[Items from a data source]
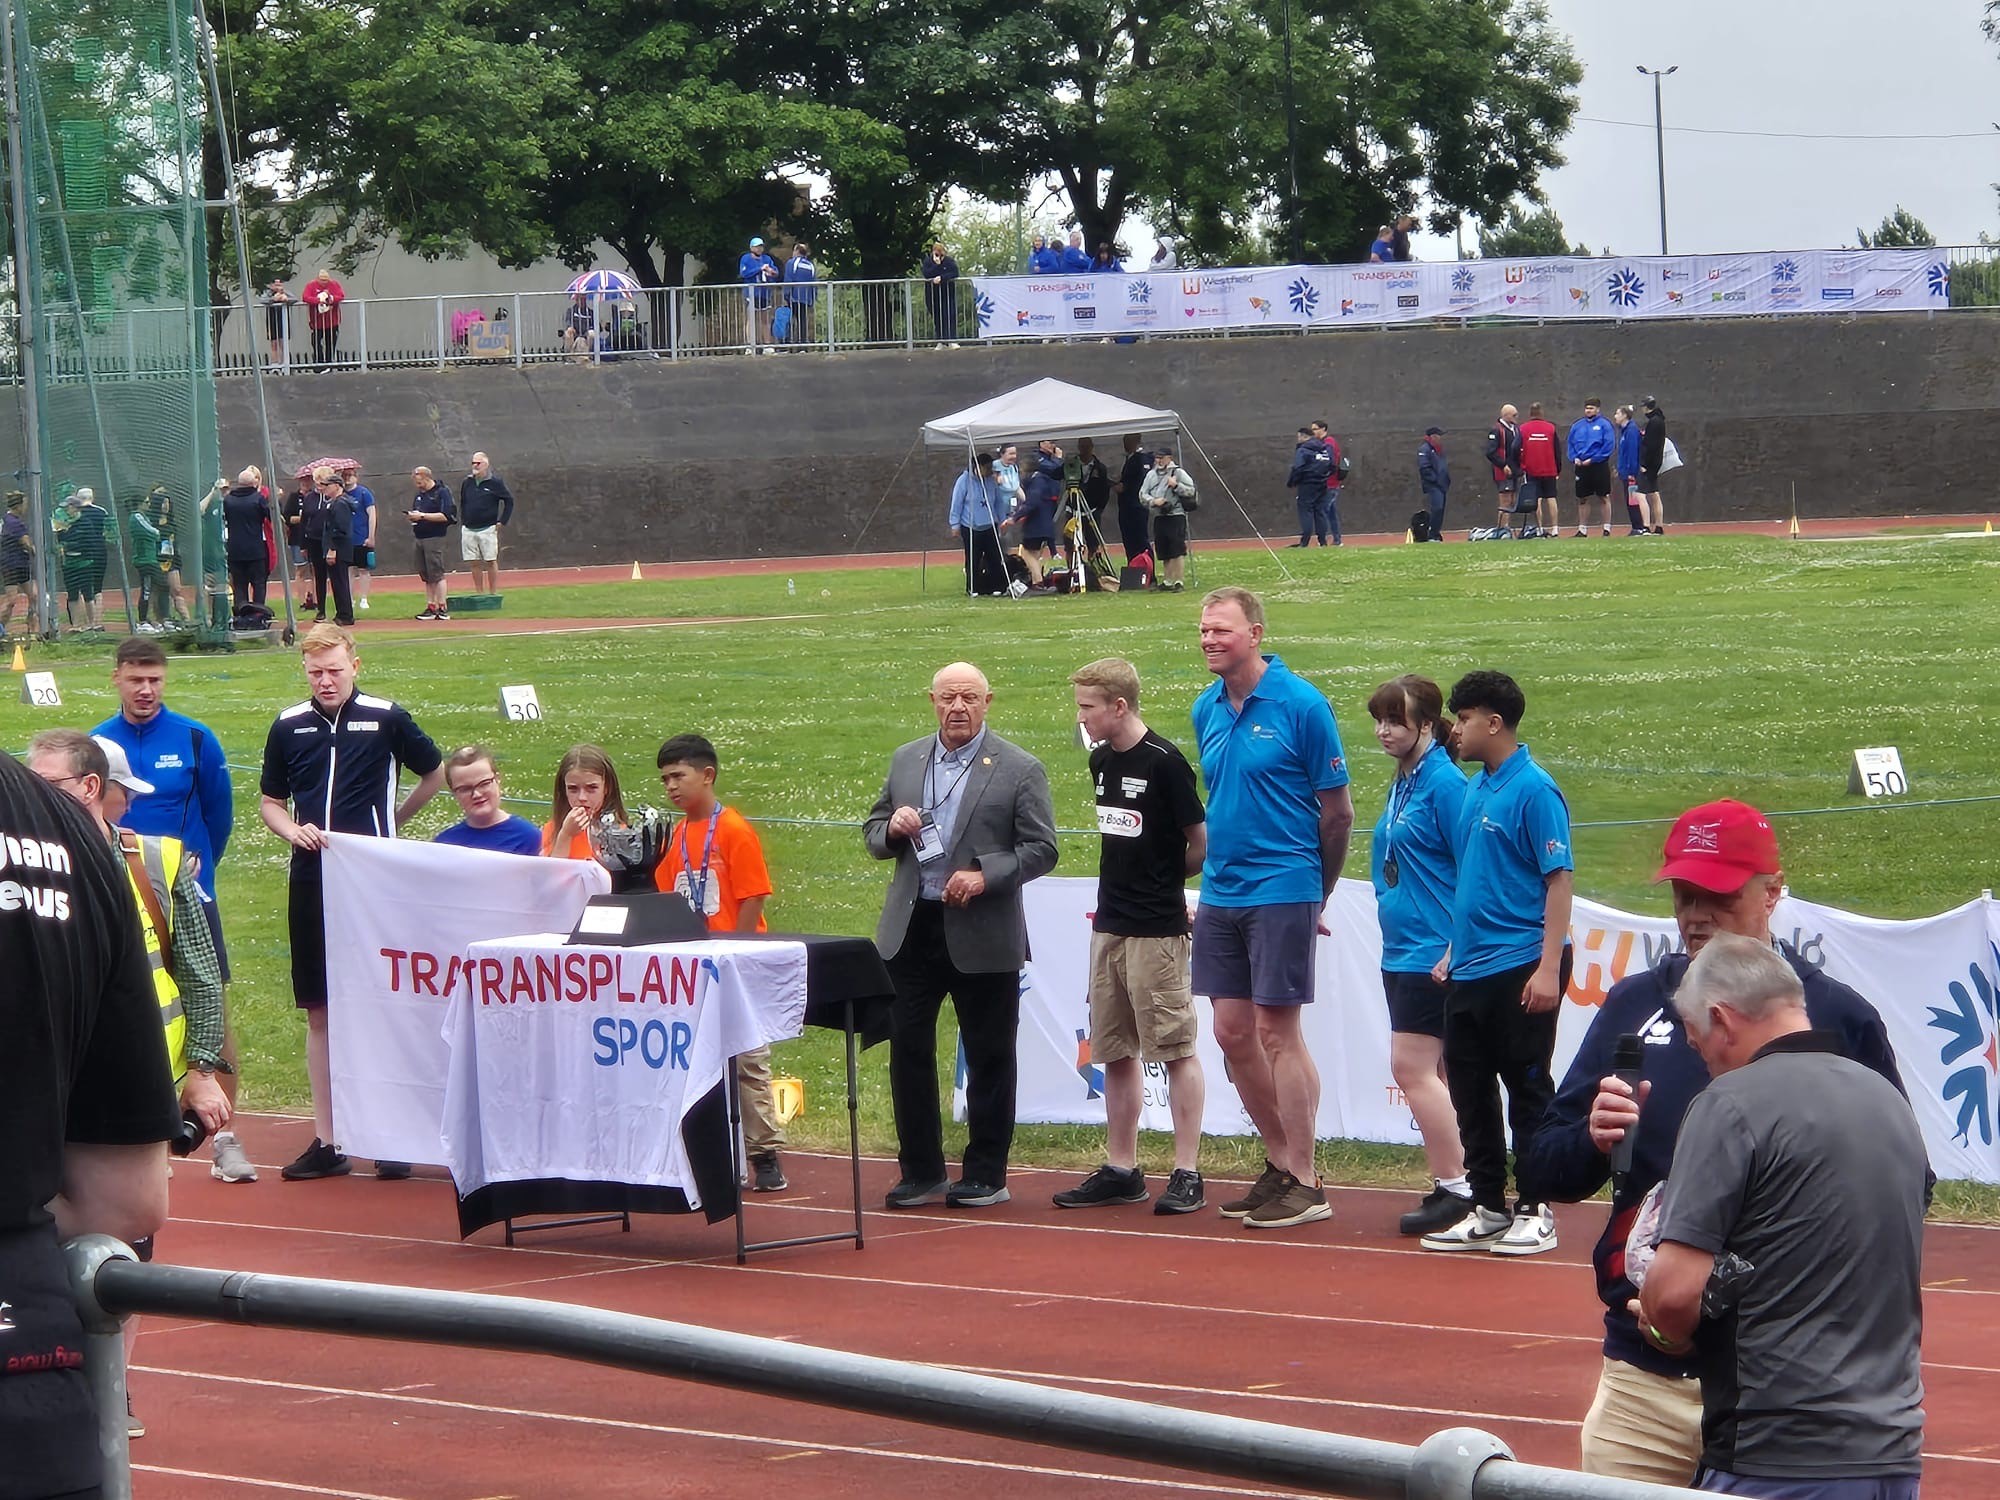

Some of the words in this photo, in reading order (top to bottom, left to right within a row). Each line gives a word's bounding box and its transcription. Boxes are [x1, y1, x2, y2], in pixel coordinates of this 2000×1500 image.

[1203, 275, 1253, 285] Westfield
[1352, 271, 1419, 281] TRANSPLANT
[1027, 282, 1095, 293] TRANSPLANT
[1386, 281, 1419, 290] SPORT
[34, 687, 58, 705] 20
[511, 702, 539, 721] 30
[1867, 771, 1904, 797] 50
[1106, 813, 1133, 827] Books

What you are asked to do
The records above are to be retyped exactly, with every picture left out.

Task output
Some of the words in this photo, in reading order (top to bottom, left to right within a row). Each line gives a word's bounding box and its transcription. Boxes are [x1, y1, x2, y2], in pixel coordinates of this 2000×1500 image.

[1203, 275, 1253, 285] Westfield
[1352, 271, 1419, 281] TRANSPLANT
[1027, 282, 1095, 293] TRANSPLANT
[1386, 281, 1419, 290] SPORT
[34, 687, 58, 705] 20
[511, 702, 539, 721] 30
[1867, 771, 1904, 797] 50
[1106, 813, 1133, 827] Books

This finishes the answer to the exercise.